Loop Unrolling • One example of what a compiler might do to help with pipelining is loop unrolling. • Branching is the bane of pipelining and parallelism. • Loops have at least one branch with each iteration. • Loop unrolling is doing two or more iterations worth of work in one iteration. It reduces the number of branch considerations and it can also promote parallelism.
for(i=0; i<100; i++){ a[i] = b[i] + c[i]; } for(i=0; i<100; i+=2){ a[i] = b[i] + c[i]; a[i+1] = b[i+1] + c[i+1]; } Loop Unrolling Example The unrolled version has half as many branches and so is easier to pipeline. The unrolled version will use more independent registers within each iteration and so takes greater advantage of pipelining or parallelism.
Don’t try this at home • Loop unrolling requires knowledge of the processor’s capabilities (the number of execution units, the number of stages in the pipeline, etc.).
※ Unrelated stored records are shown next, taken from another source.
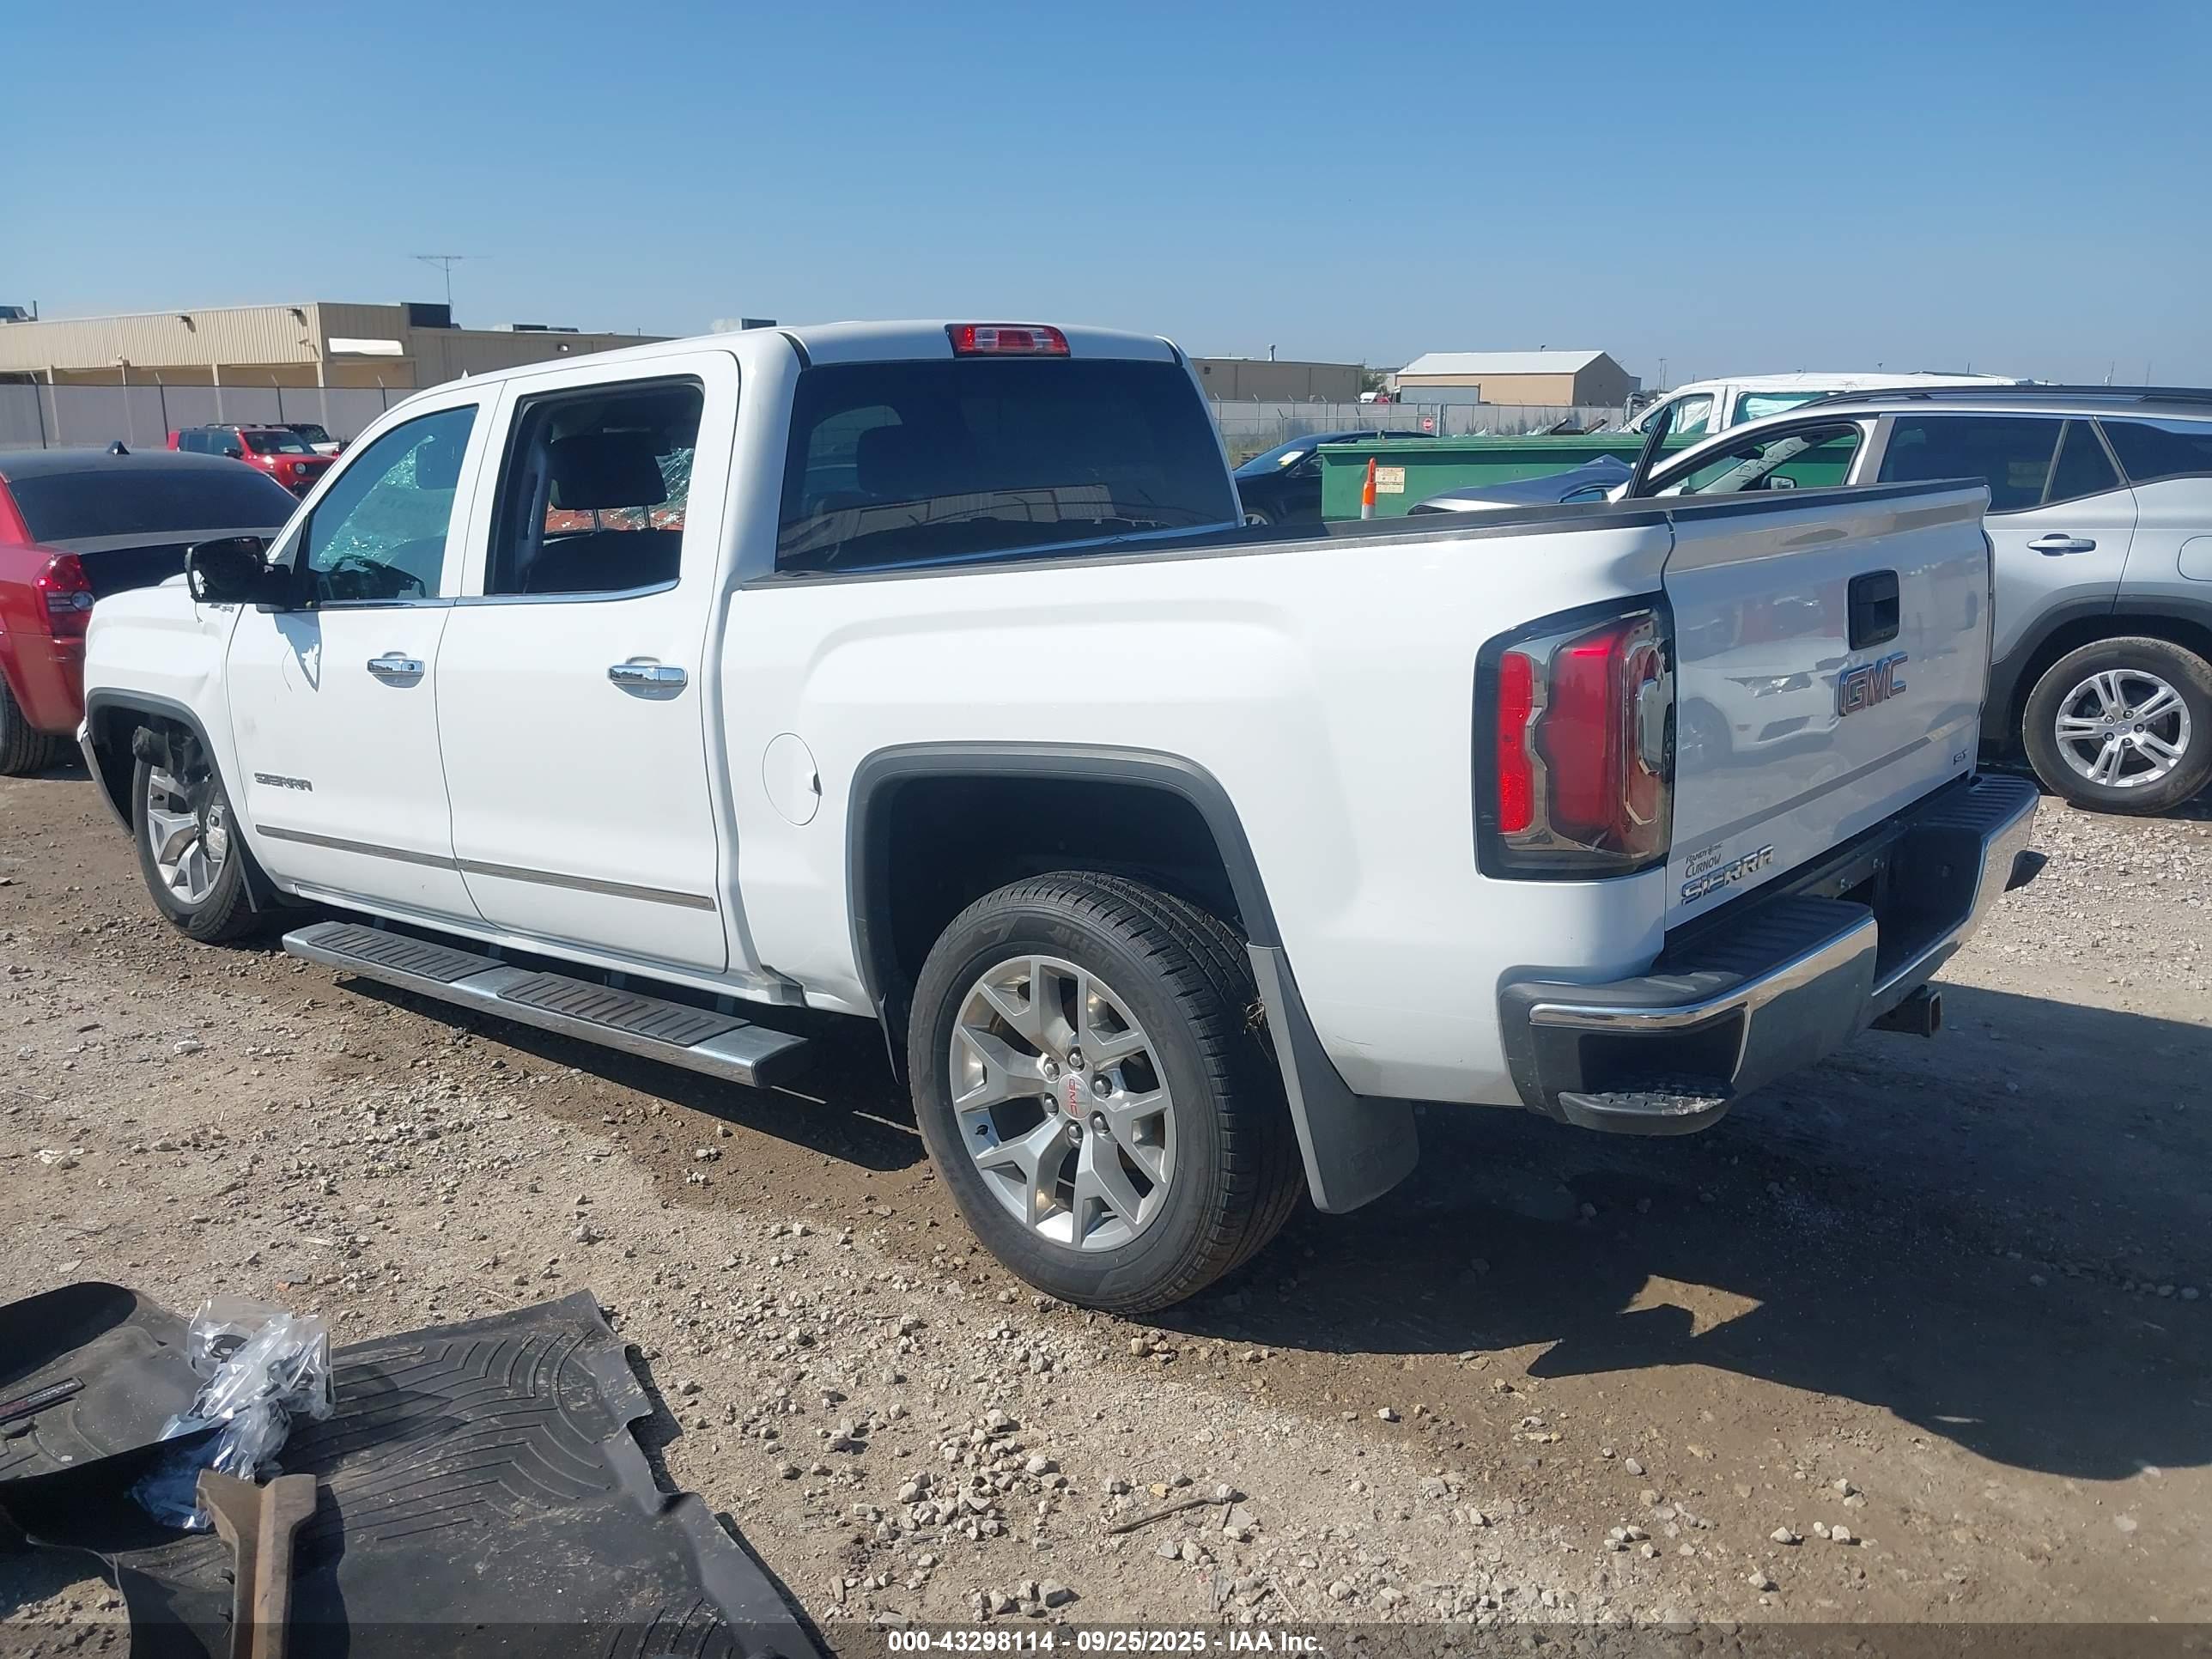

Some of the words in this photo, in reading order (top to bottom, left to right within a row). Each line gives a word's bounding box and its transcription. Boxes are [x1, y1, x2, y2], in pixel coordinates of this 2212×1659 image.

[1838, 651, 1909, 717] GMC
[254, 772, 313, 793] SIERRA
[1681, 843, 1775, 906] SIERRA
[1685, 853, 1722, 879] CURNOW
[1068, 1078, 1079, 1115] GMC
If the programmer does not have this knowledge, the unrolling and other code optimization techniques should be left to the compiler.
Don’t interrupt me • Another situation that causes problems for pipelining is interruptions. • Recall that the various devices do not immediately receive the processor’s attention. Rather they make an interrupt request and the processor attends to them when it is ready. • But with an endless stream of instructions in the pipeline, when is a good time?
When is a good time? • Right away? To attend to the interruption immediately, one would have to store the state of the entire pipeline so that one could return to the proper place after processing the interrupt. • In awhile? One could allow everything currently in the pipeline to be completely processed before processing the interrupt.